[Image-backed grounding data]
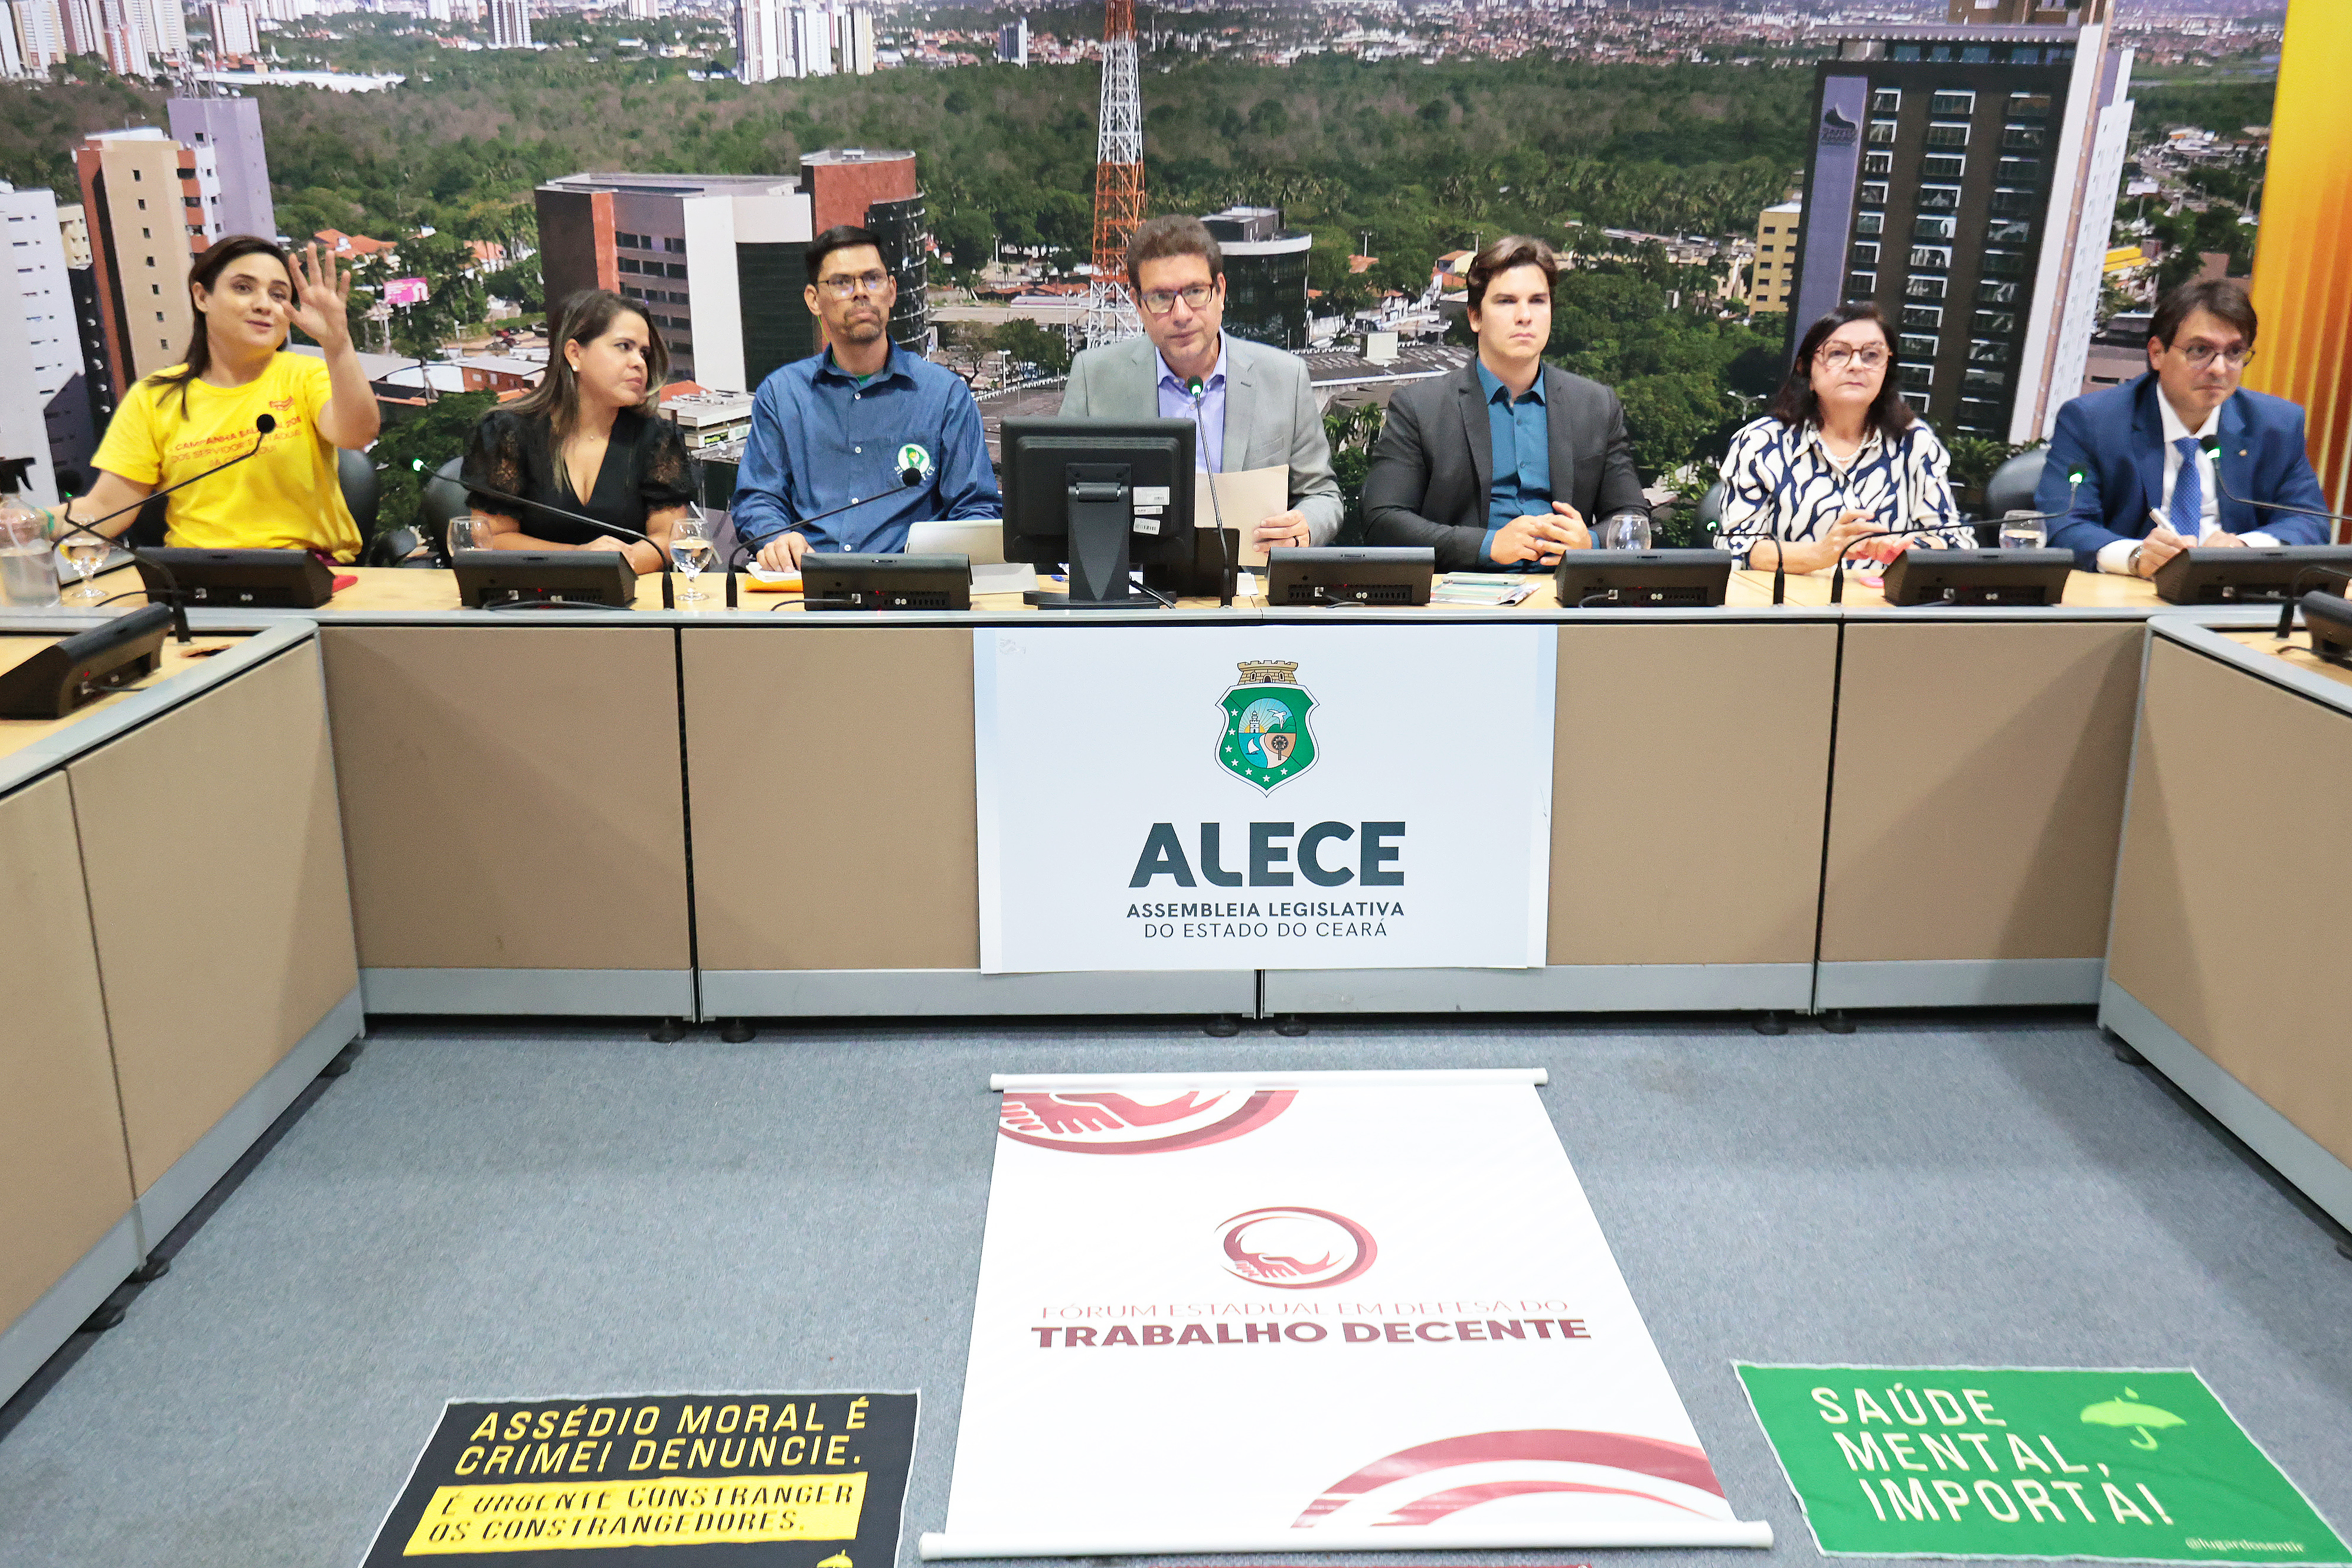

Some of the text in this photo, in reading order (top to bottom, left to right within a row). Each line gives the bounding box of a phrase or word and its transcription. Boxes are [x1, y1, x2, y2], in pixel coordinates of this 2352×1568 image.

[1128, 821, 1405, 887] ALECE
[1127, 902, 1404, 918] ASSEMBLEIA LEGISLATIVA
[1145, 917, 1387, 937] DO ESTADO DO CEARÁ
[1043, 1303, 1156, 1320] FÓRUM
[1169, 1302, 1328, 1317] ESTADUAL
[1338, 1302, 1382, 1316] EM
[1520, 1300, 1568, 1312] DO
[1031, 1318, 1592, 1348] TRABALHO DECENTE
[470, 1395, 870, 1442] ASSÉDIO MORAL É
[1811, 1382, 2007, 1427] SAÚDE
[628, 1435, 861, 1471] DENUNCIE.
[1832, 1431, 2109, 1478] MENTAL,
[442, 1482, 854, 1516] É URGENTE CONSTRANGER
[1858, 1477, 2174, 1525] IMPORTA!
[429, 1521, 471, 1543] OS
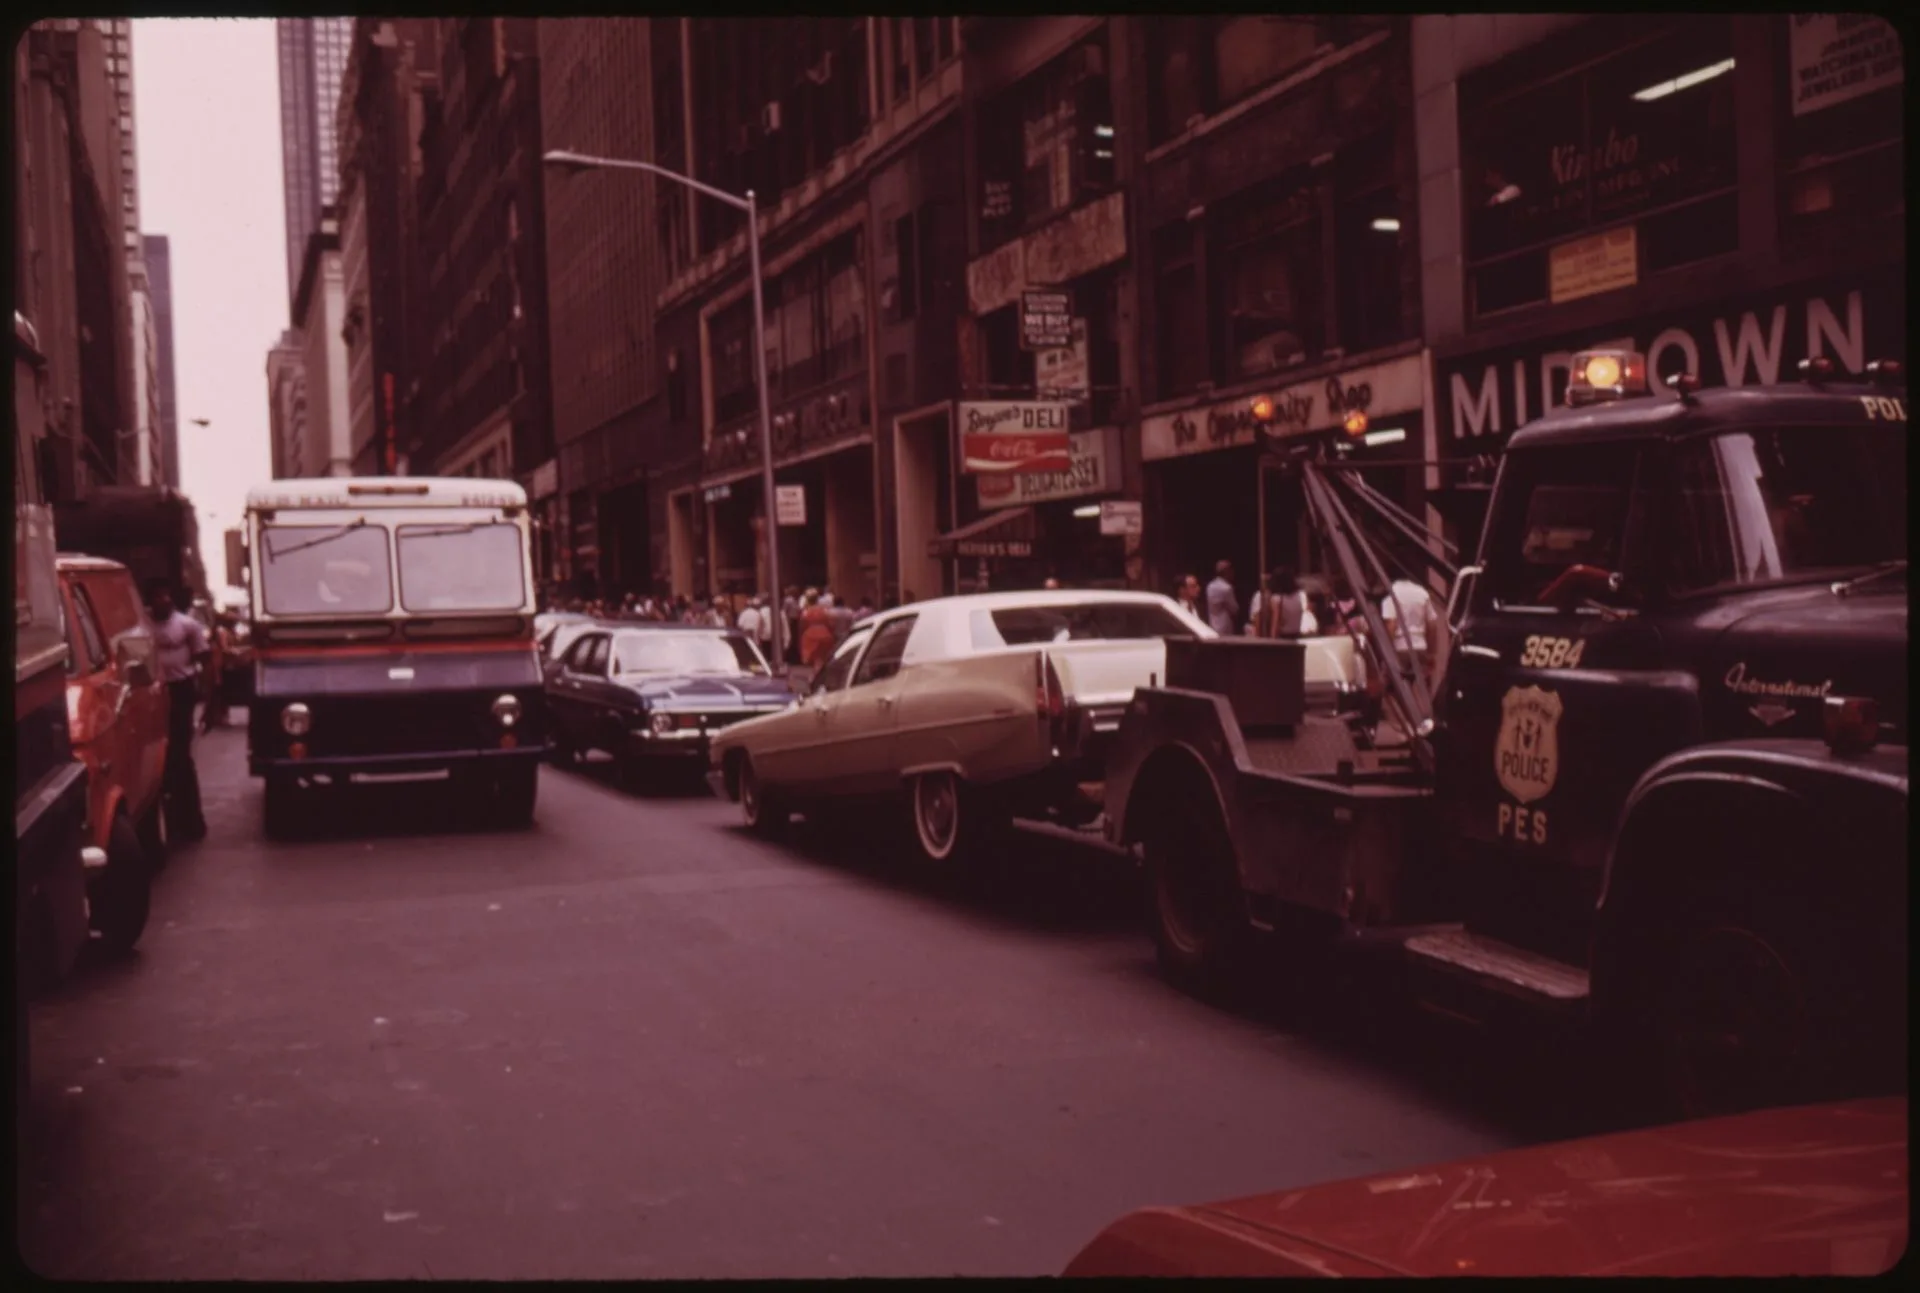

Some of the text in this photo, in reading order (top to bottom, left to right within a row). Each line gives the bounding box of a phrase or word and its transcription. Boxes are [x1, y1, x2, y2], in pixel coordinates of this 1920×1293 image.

[Task description] The answer must match the entries above line for line, with the pictures dropped.

[Exercise output]
Some of the text in this photo, in reading order (top to bottom, left to right within a row). Each line gives the bounding box of a phrase or word and its transcription. Boxes are [x1, y1, x2, y2], in pixel coordinates of this 2352×1568 image.

[1128, 821, 1405, 887] ALECE
[1127, 902, 1404, 918] ASSEMBLEIA LEGISLATIVA
[1145, 917, 1387, 937] DO ESTADO DO CEARÁ
[1043, 1303, 1156, 1320] FÓRUM
[1169, 1302, 1328, 1317] ESTADUAL
[1338, 1302, 1382, 1316] EM
[1520, 1300, 1568, 1312] DO
[1031, 1318, 1592, 1348] TRABALHO DECENTE
[470, 1395, 870, 1442] ASSÉDIO MORAL É
[1811, 1382, 2007, 1427] SAÚDE
[628, 1435, 861, 1471] DENUNCIE.
[1832, 1431, 2109, 1478] MENTAL,
[442, 1482, 854, 1516] É URGENTE CONSTRANGER
[1858, 1477, 2174, 1525] IMPORTA!
[429, 1521, 471, 1543] OS

Some of the text in this photo, in reading order (top to bottom, left to right within a row). Each line gives the bounding box of a phrase or word and its transcription. Boxes are [x1, y1, x2, y2], in pixel coordinates of this 1920×1293 image.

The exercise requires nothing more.